**1. Baustelle,* Le rane***
A chiedere in giro, i Baustelle stanno relativamente poco simpatici. Molti li giudicano presuntuosi, e non abbastanza dissimili da se stessi. Presunti difetti che si possono leggere anche come qualità: hanno la loro cifra e uno stile originale. Eccoli titolare un nuovo cd con mossa battiatesca; ecco che si mettono nelle mani di un produttore di fama (l’irlandese Pat McCarthy); eccoli disseminare il tutto di simboli funebri e vanitas vanitatum; ecco che costeggiano Bianciardi e Pasolini; e bom, come pop italiano di qualità siamo a posto così, per un po’.
2. Jónsi, Time to pretend
Una passeggiata tra vecchi bookmark ha rivelato che quelli di Inkiostro hanno cambiato url (inkiostro.com) ma non la sostanza: sempre ottime battute di pesca all’ostrica dai fondali del web, librerie stravaganti e ingegnosi online games. Poi c’era la musica: quella dei Sigur Rós, in versione piano player solitario, che riprende la canzone dei Mgmt, la libera di tutte le incrostazioni elettroniche, del beat colloso e degli squittii di sottofondo e la annaffia con la sua dolente potenza vocale, restituendola alla sua natura di canto luttuoso sull’infinita vanità del tutto.
3. Pavement, Unseen power of the picket fence
“Some bands I like to namecheck / one of them is R.e.m.”. E in fondo a tutto questo disperato gioco di cose vanitose, è bello ritrovare la band a bassa fedeltà di Stephen Malkmus.
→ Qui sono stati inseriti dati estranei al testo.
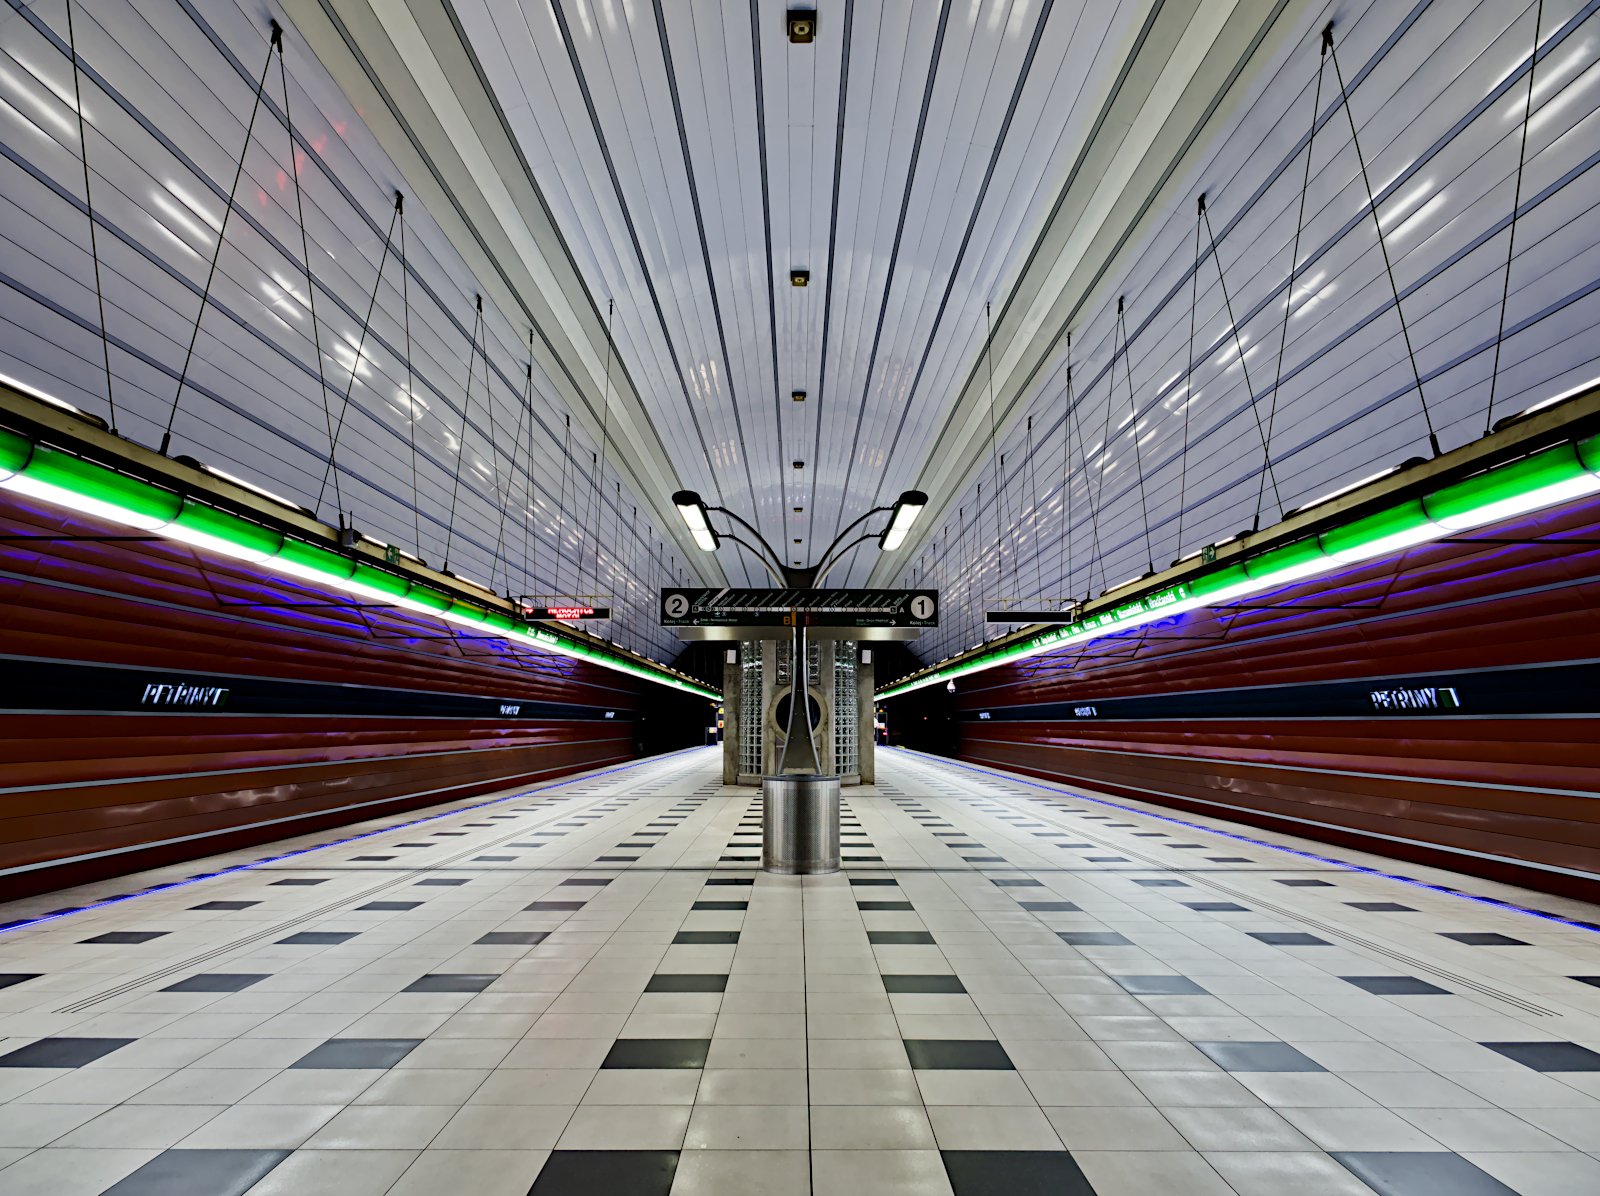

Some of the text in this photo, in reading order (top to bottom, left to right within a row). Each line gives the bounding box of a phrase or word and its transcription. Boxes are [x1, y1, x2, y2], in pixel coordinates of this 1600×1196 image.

[671, 598, 683, 614] 2
[917, 599, 926, 616] 1
[783, 616, 791, 625] B
L’ultima antologia è la riscoperta di un gruppo uscito dal gruppo: parlare rock fluente, mormorare in dialetto da adepti alternativi e scrivere nel corsivo situazionista di critici rock questa canzone sull’impatto dei primi Rem, per consegnare loro al passato e sé stessi al presente. Dimensione alternativa, non malvagia di quello che poi è successo.